Em resposta a essa nova realidade, o Conselho Nacional de Política Energética (CNPE) publicou as Resoluções nº 7 e nº 8. Embora abordem a retomada do planejamento hidrelétrico com armazenamento e a contratação de serviços de Sistemas de Armazenamento Hidráulico (SAH), elas sinalizam uma mudança mais profunda: o reconhecimento de que o Brasil precisa contratar atributos que garantam o funcionamento seguro do sistema, e não apenas a energia em si.
O que muda
A principal mudança é a transição de um modelo focado apenas na quantidade de energia gerada (MWh) para um que valoriza também a qualidade e os serviços que garantem a operacionalidade do Sistema Interligado Nacional (SIN).

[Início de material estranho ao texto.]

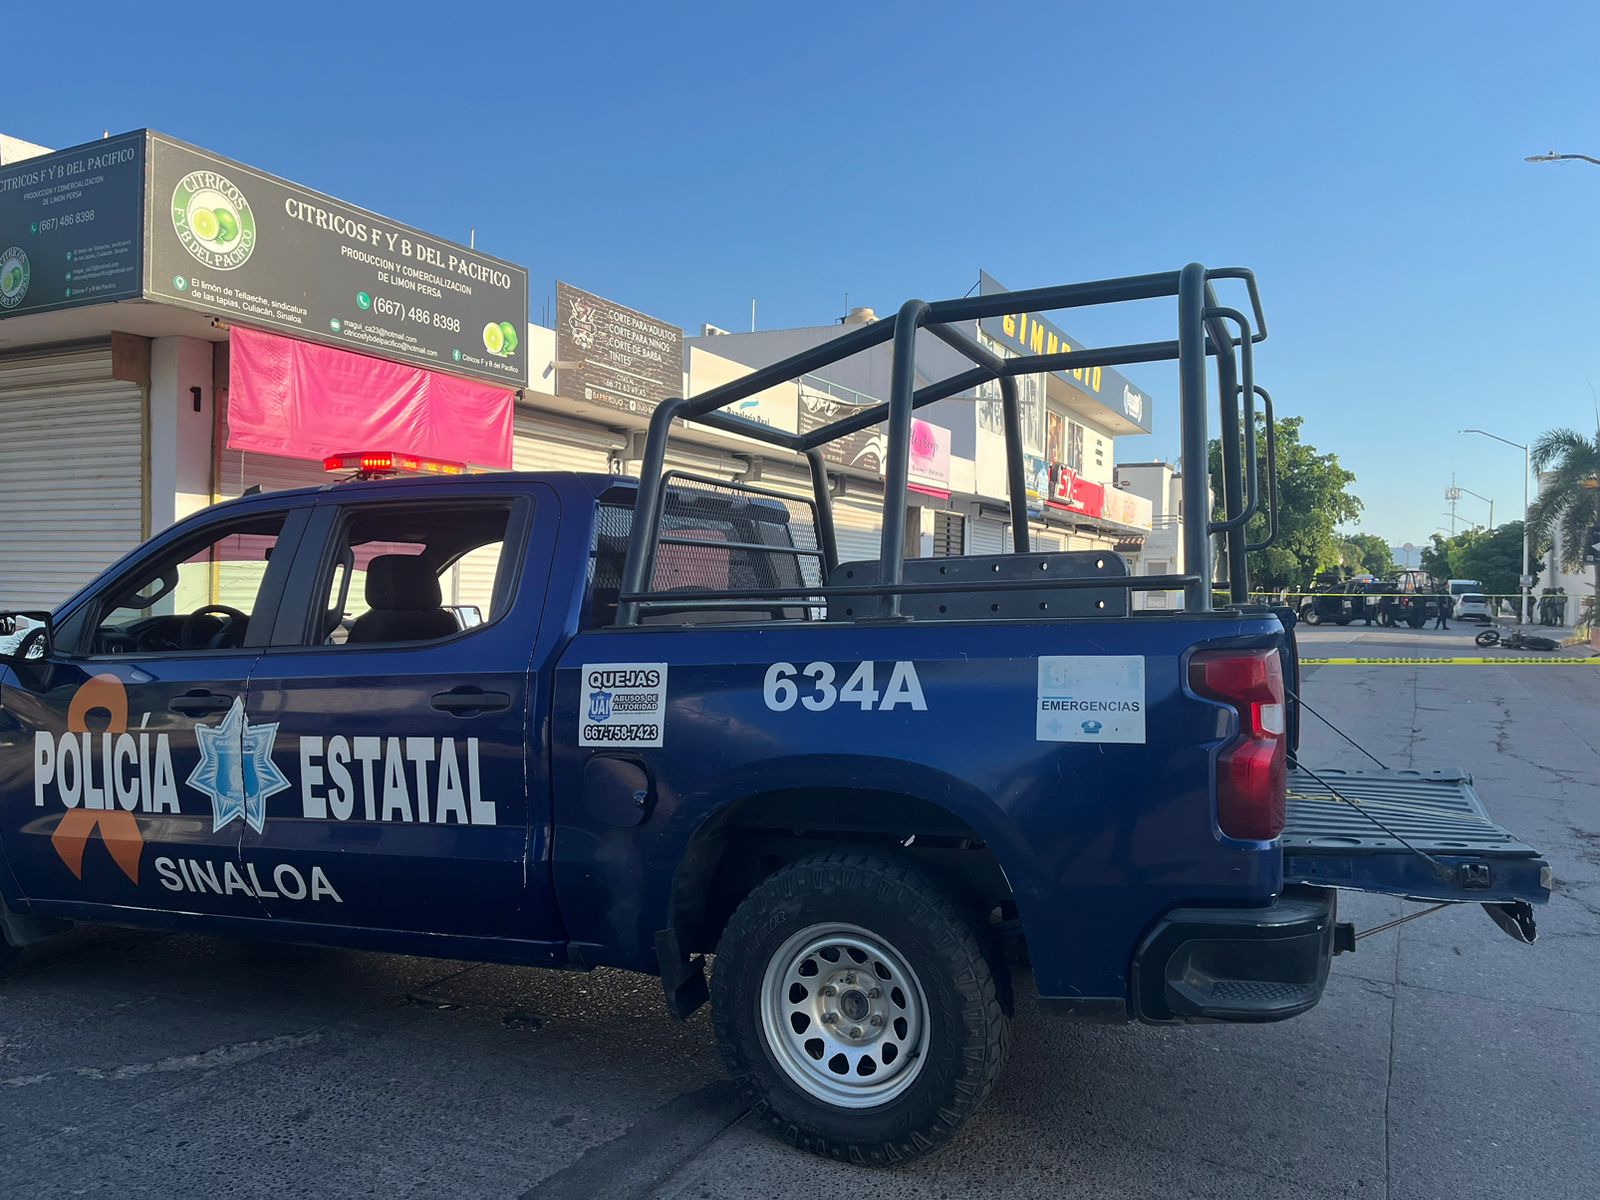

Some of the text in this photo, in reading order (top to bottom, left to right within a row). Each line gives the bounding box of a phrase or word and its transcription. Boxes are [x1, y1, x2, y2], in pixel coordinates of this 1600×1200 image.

[40, 170, 47, 183] F
[48, 165, 57, 180] Y
[57, 166, 64, 179] B
[67, 161, 86, 176] DEL
[88, 147, 135, 171] PACIFICO
[183, 173, 247, 210] CITRICOS
[39, 209, 95, 234] (667) 486 8398
[180, 230, 192, 243] B
[189, 241, 213, 264] DEL
[214, 229, 253, 267] PACIFICO
[285, 197, 511, 290] CITRICOS F Y B DEL PACIFICO
[341, 245, 472, 296] PRODUCCION Y COMERCIALIZACION
[191, 289, 202, 298] de
[203, 291, 215, 302] las
[223, 287, 233, 296] de
[377, 271, 442, 299] DE LIMON PERSA
[373, 296, 460, 333] (667) 486 8398
[608, 309, 631, 326] CORTE
[632, 318, 649, 332] PARA
[648, 325, 677, 343] ADULTOS
[608, 323, 631, 340] CORTE
[632, 332, 649, 345] PARA
[608, 337, 632, 353] CORTE
[632, 345, 642, 356] DE
[588, 670, 661, 690] QUEJAS
[763, 660, 928, 713] 634A
[591, 699, 609, 715] UAI
[612, 702, 659, 712] AUTORIDAD
[613, 693, 646, 703] ABUSOS
[646, 693, 659, 703] DE
[1041, 700, 1140, 712] EMERGENCIAS
[584, 723, 659, 741] 667-758-7423
[34, 712, 497, 826] POLICÍA ESTATAL
[154, 856, 343, 903] SINALOA

Isso significa que, além de gerar energia, as fontes e tecnologias devem ser capazes de prover flexibilidade, agilidade na resposta e controle de parâmetros essenciais para a rede elétrica.

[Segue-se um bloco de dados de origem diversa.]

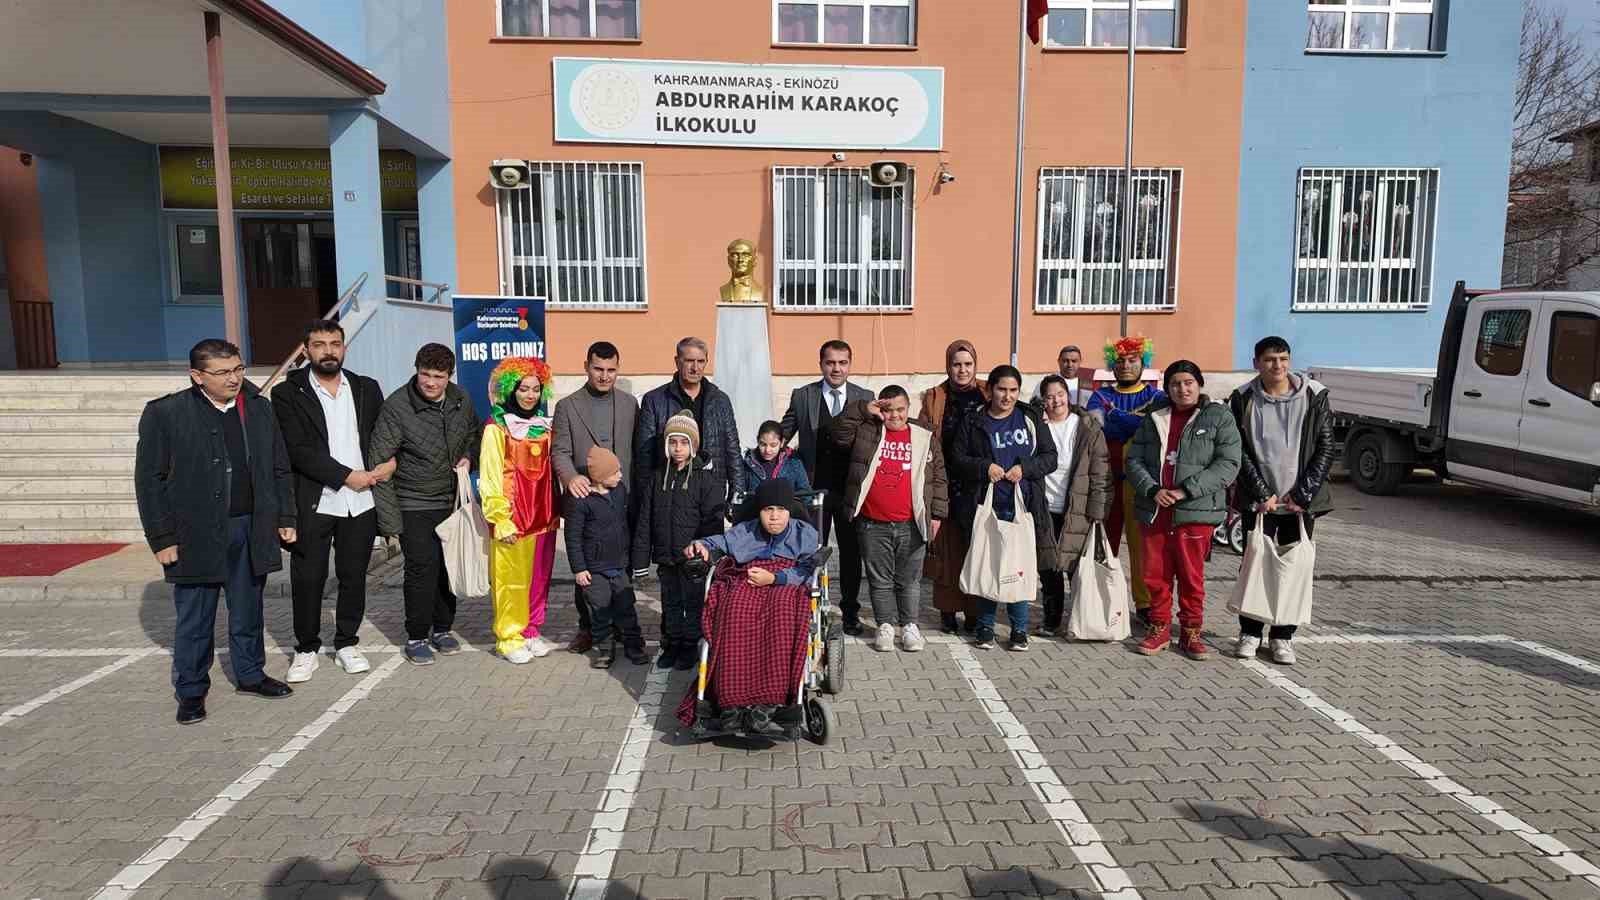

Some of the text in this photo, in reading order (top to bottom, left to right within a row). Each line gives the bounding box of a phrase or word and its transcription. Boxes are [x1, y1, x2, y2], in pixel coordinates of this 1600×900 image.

[654, 74, 773, 89] KAHRAMANMARAŞ
[655, 90, 900, 117] ABDURRAHİM KARAKOÇ
[656, 112, 757, 134] İLKOKULU
[462, 343, 487, 362] HOŞ
[880, 449, 911, 461] ULLS

As novas resoluções do CNPE indicam uma abordagem mais abrangente para a segurança do SIN, considerando o papel dos sistemas de armazenamento e outras tecnologias que podem oferecer esses atributos. Não basta ser a fonte mais barata; é preciso ser um componente que contribua para a resiliência e a estabilidade do sistema.
Quem é afetado
Essa mudança afeta diversos atores do setor elétrico:
- Geradores de energia: Empresas de geração, incluindo as de energia solar e eólica, precisarão considerar não apenas a capacidade de produzir MWh, mas também como suas instalações podem oferecer os atributos de flexibilidade e estabilidade demandados pelo sistema.
- Investidores: O critério para novos investimentos pode se expandir, valorizando tecnologias que, além de gerar energia, contribuam para a segurança e a resiliência da rede.
- Consumidores de energia (residenciais, comerciais, rurais): Um sistema elétrico mais estável e seguro significa menor risco de interrupções e maior confiabilidade no fornecimento de energia, o que se traduz em mais segurança para residências, operações comerciais e atividades produtivas no campo.
- Reguladores e planejadores do setor: A Agência Nacional de Energia Elétrica (ANEEL) e a Empresa de Pesquisa Energética (EPE) terão que adaptar seus modelos de planejamento e regulamentação para incorporar a valoração desses novos atributos.
Por que isso importa
A importância dessa evolução reside na necessidade de modernizar e fortalecer o sistema elétrico brasileiro para a era das energias renováveis. A energia solar e eólica são cruciais para a transição energética e a descarbonização, mas sua natureza variável exige que o sistema seja mais adaptável e robusto. Ao focar em atributos como flexibilidade e capacidade de resposta rápida, o Brasil busca garantir que a expansão das renováveis ocorra de forma segura e eficiente, sem comprometer a estabilidade do fornecimento de energia para toda a população e para a economia.
Visão LZ7
Na LZ7 Energia, acompanhamos de perto as evoluções regulatórias e de planejamento do setor elétrico. A valorização de atributos como flexibilidade e estabilidade reforça a importância de soluções energéticas inteligentes e integradas. A energia solar, com o avanço de tecnologias de armazenamento e gestão de energia, tem um papel crescente não apenas na geração de MWh, mas também na contribuição para a estabilidade do sistema. Estamos preparados para oferecer soluções que atendam a essas novas demandas, garantindo um futuro energético mais sustentável e seguro para o Brasil.
O que acompanhar agora
É fundamental observar os próximos passos do CNPE e da ANEEL na regulamentação e implementação dessas diretrizes. A forma como os novos atributos serão precificados e contratados no mercado de energia será crucial para moldar os investimentos futuros e a evolução tecnológica do setor.